TERMITES

Vente d'un immeuble dans les zones délimitées (loi du 8.6.99 : art. 8 / décret du 3.7.00 : art. 6)
L'exonération de la garantie pour vice caché en cas d'annexion d'un état parasitaire.
Lors de la vente d'un immeuble et conformément aux dispositions du Code civil portant sur la garantie des défauts de la chose vendue, le contrat de vente peut contenir des clauses particulières exonérant le vendeur non professionnel de la garantie des vices cachés (Code civil : art. 1643).
Dans les zones délimitées par arrêté préfectoral, pour pouvoir s'exonérer de la garantie pour vice caché, constitué par la présence de termites, le vendeur non-professionnel d'un immeuble bâti situé dans une zone délimitée par un arrêté préfectoral, doit annexer un état parasitaire du bâtiment à l'acte authentique constatant la réalisation de la vente.

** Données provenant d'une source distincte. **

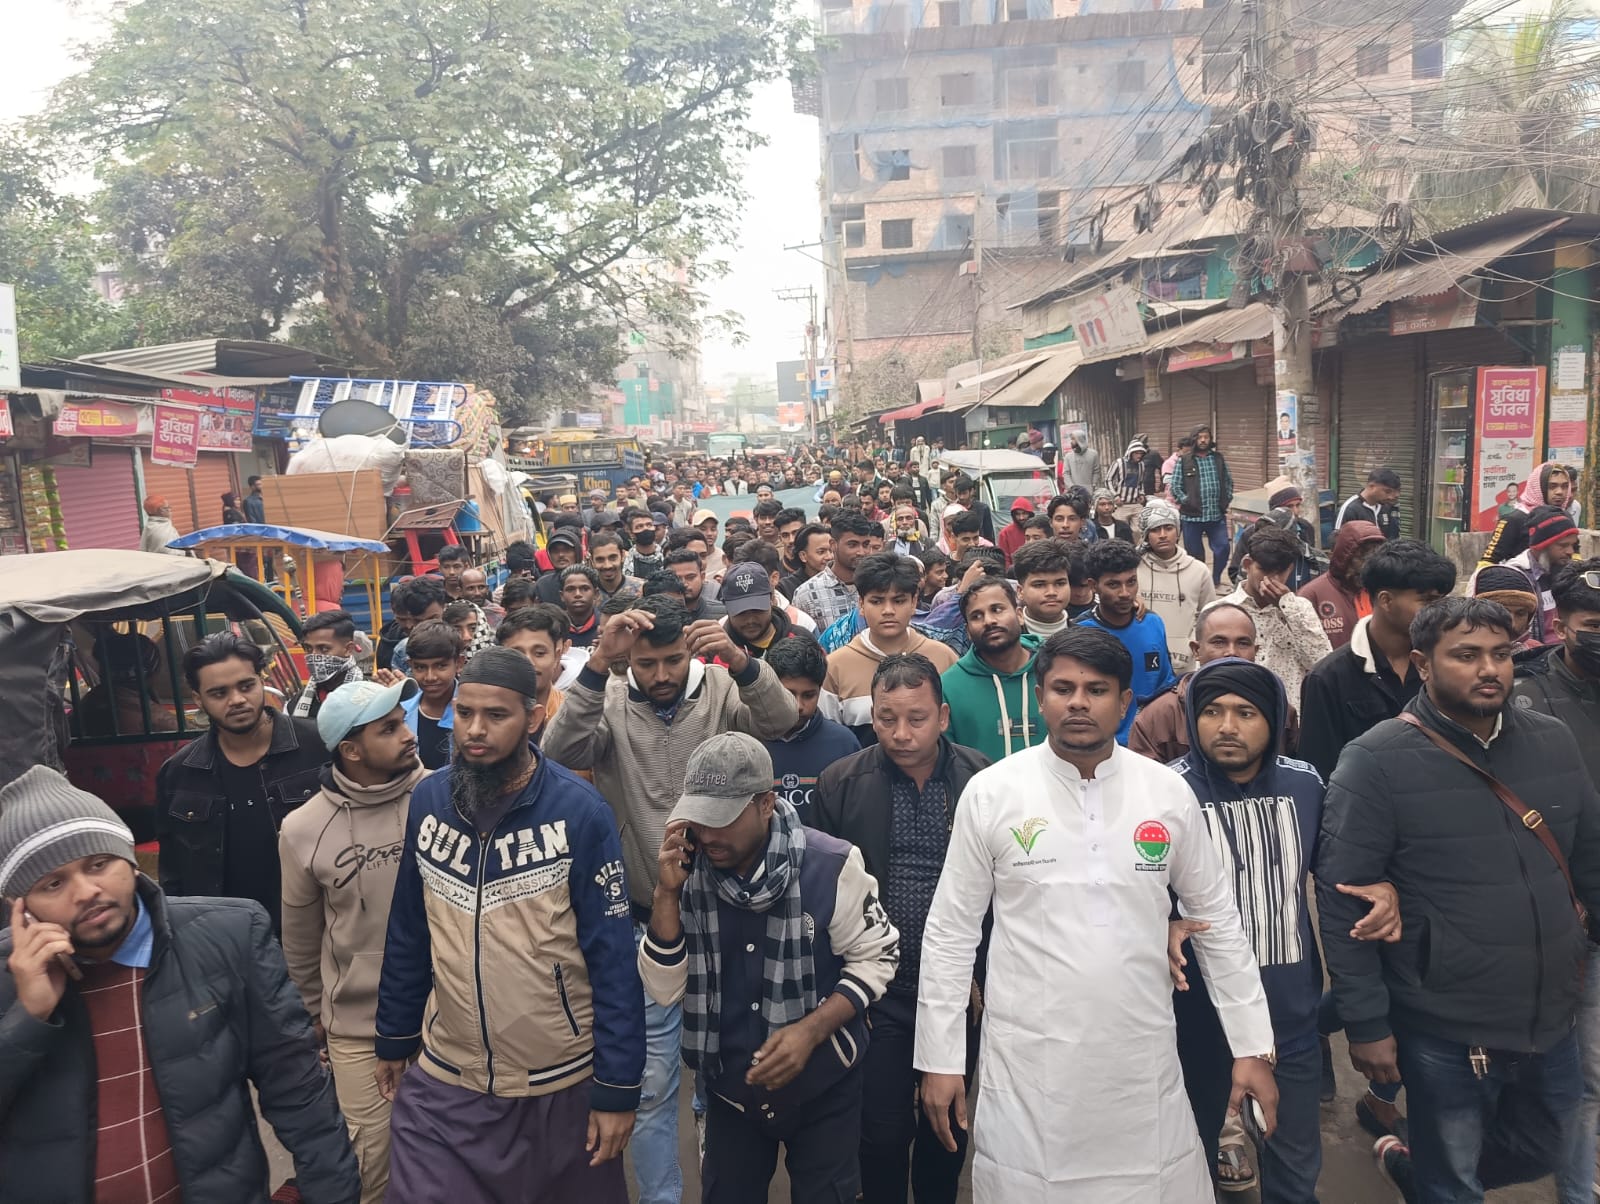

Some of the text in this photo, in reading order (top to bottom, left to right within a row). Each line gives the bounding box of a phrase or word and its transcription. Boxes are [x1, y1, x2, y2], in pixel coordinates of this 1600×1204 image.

[1490, 385, 1531, 404] সুবিধা
[1489, 403, 1530, 416] ডাবল
[159, 417, 195, 436] সুবিধা
[158, 430, 193, 446] ডাবল
[583, 477, 611, 490] Khan
[1141, 591, 1177, 601] MARVEL
[1321, 617, 1344, 629] OSS
[706, 773, 727, 786] free
[502, 874, 551, 895] CLASSIC
[610, 882, 622, 897] S

Cette rédaction de la loi ne remet toutefois pas en cause la jurisprudence constante qui, sur le fondement de l'article 1643 du Code civil, n'accepte pas que la clause d'exonération puisse jouer en faveur du vendeur professionnel, puisqu'il est présumé connaître les défauts cachés de la chose vendue.

Le but est de donner à l'acquéreur d'un bien situé en zone contaminée une information complète et précise sur l'état réel de celui-ci.

L'état parasitaire
Il doit avoir été établi depuis moins de trois mois à la date de l'acte authentique.
L'état parasitaire identifie l'immeuble concerné, indique les parties visitées et celles n'ayant pu être visitées, les éléments infestés ou ayant été infestés par la présence de termites et ceux qui ne le sont pas, ainsi que la date de son établissement.

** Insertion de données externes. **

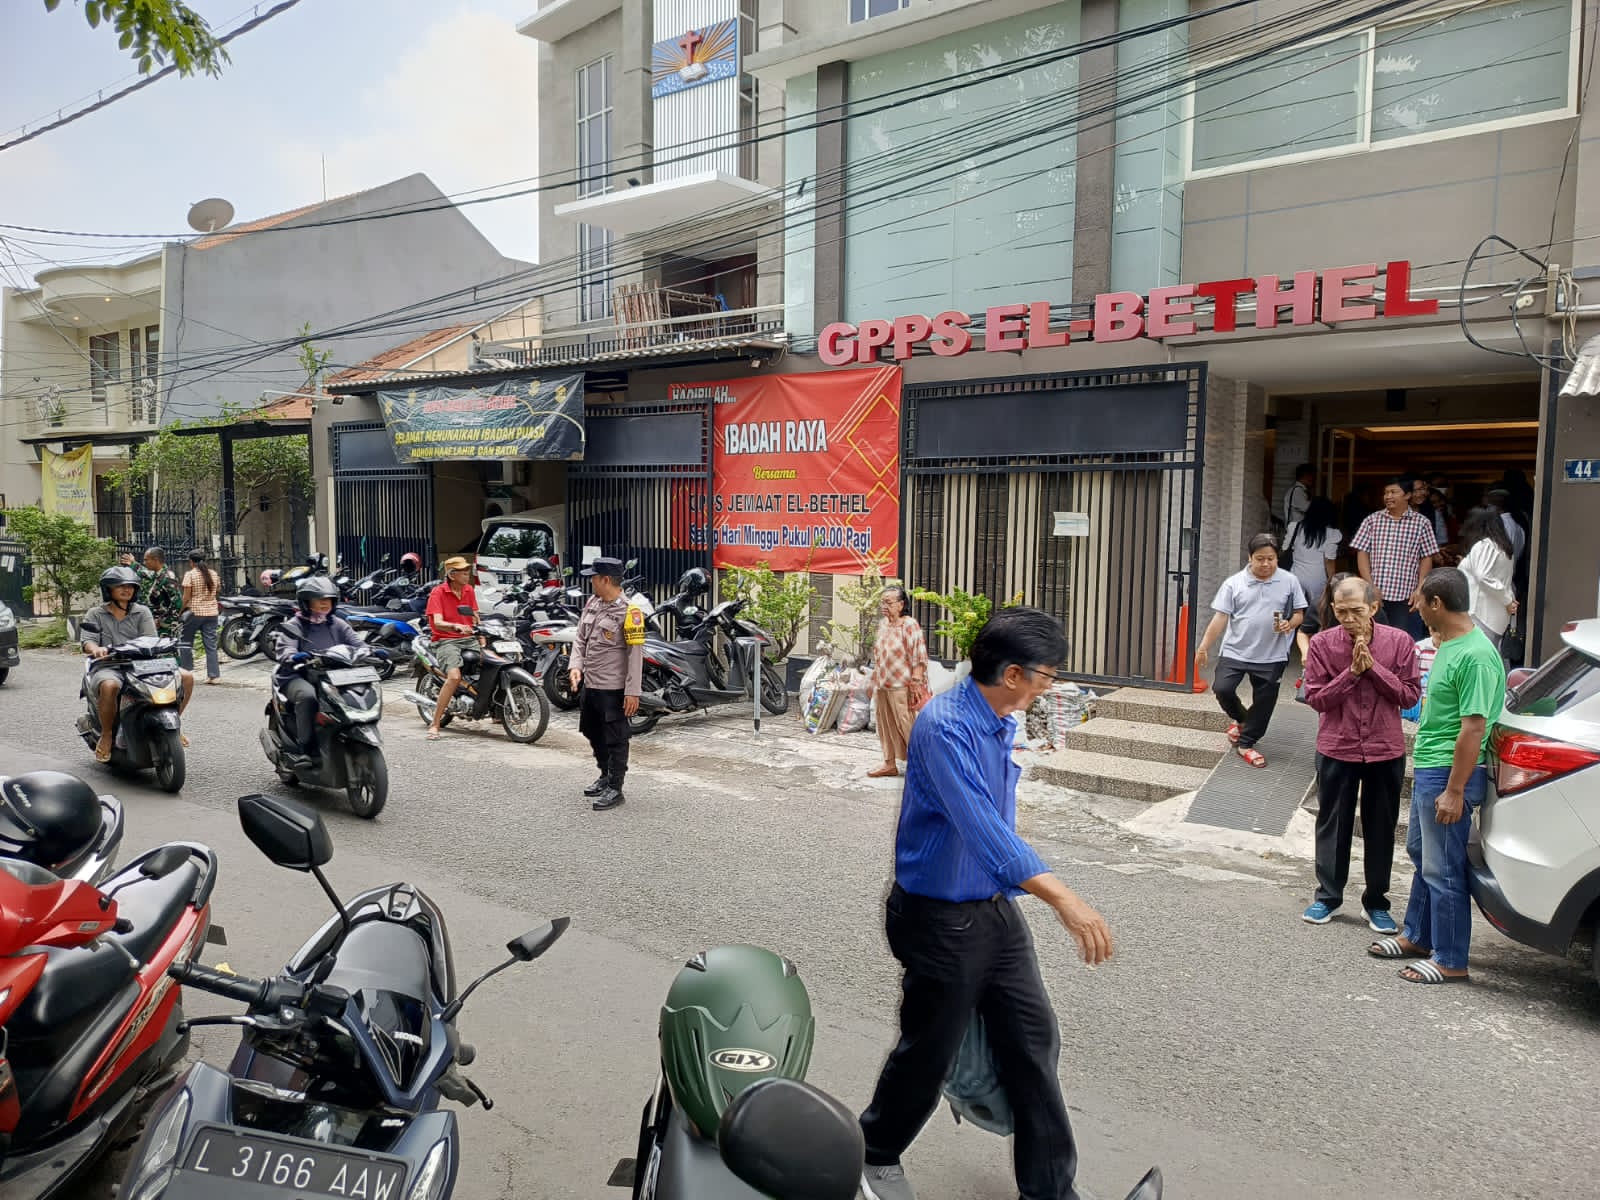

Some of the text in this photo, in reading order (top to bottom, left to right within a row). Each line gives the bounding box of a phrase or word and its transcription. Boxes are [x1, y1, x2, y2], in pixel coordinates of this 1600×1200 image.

[818, 261, 1439, 366] GPPS EL-BETHEL
[481, 426, 515, 441] IBADAH
[516, 424, 545, 440] PUASA
[725, 419, 828, 455] IBADAH RAYA
[753, 465, 797, 479] Bersama
[1575, 461, 1592, 477] 44
[690, 493, 870, 513] PS JEMAAT EL-BETHEL
[690, 523, 719, 548] Sep
[722, 525, 741, 545] Hari
[744, 525, 779, 550] Minggu
[782, 525, 811, 546] Pukul
[846, 526, 871, 553] Pagi
[719, 1053, 766, 1066] GIX
[194, 1139, 397, 1200] L 3166 AAW

L'état parasitaire est établi conformément au modèle défini par arrêté du ministre chargé de la Construction et de l'Habitation.
Il est aussi utilisé pour justifier de la recherche de termites dans les secteurs de lutte délimités par le conseil municipal. Il peut aussi accompagner à titre facultatif la déclaration en mairie de la présence de termites.

Qui peut réaliser un état parasitaire ?
La loi pose le principe de l'indépendance totale entre les fonctions d'expertise et de diagnostic et les activités de traitement à titre préventif, curatif ou d'entretien contre les termites sans aller jusqu'à la certification.
Des certifications ont cependant été développées par les professionnels pour le traitement (CTBA - QUALIBAT?).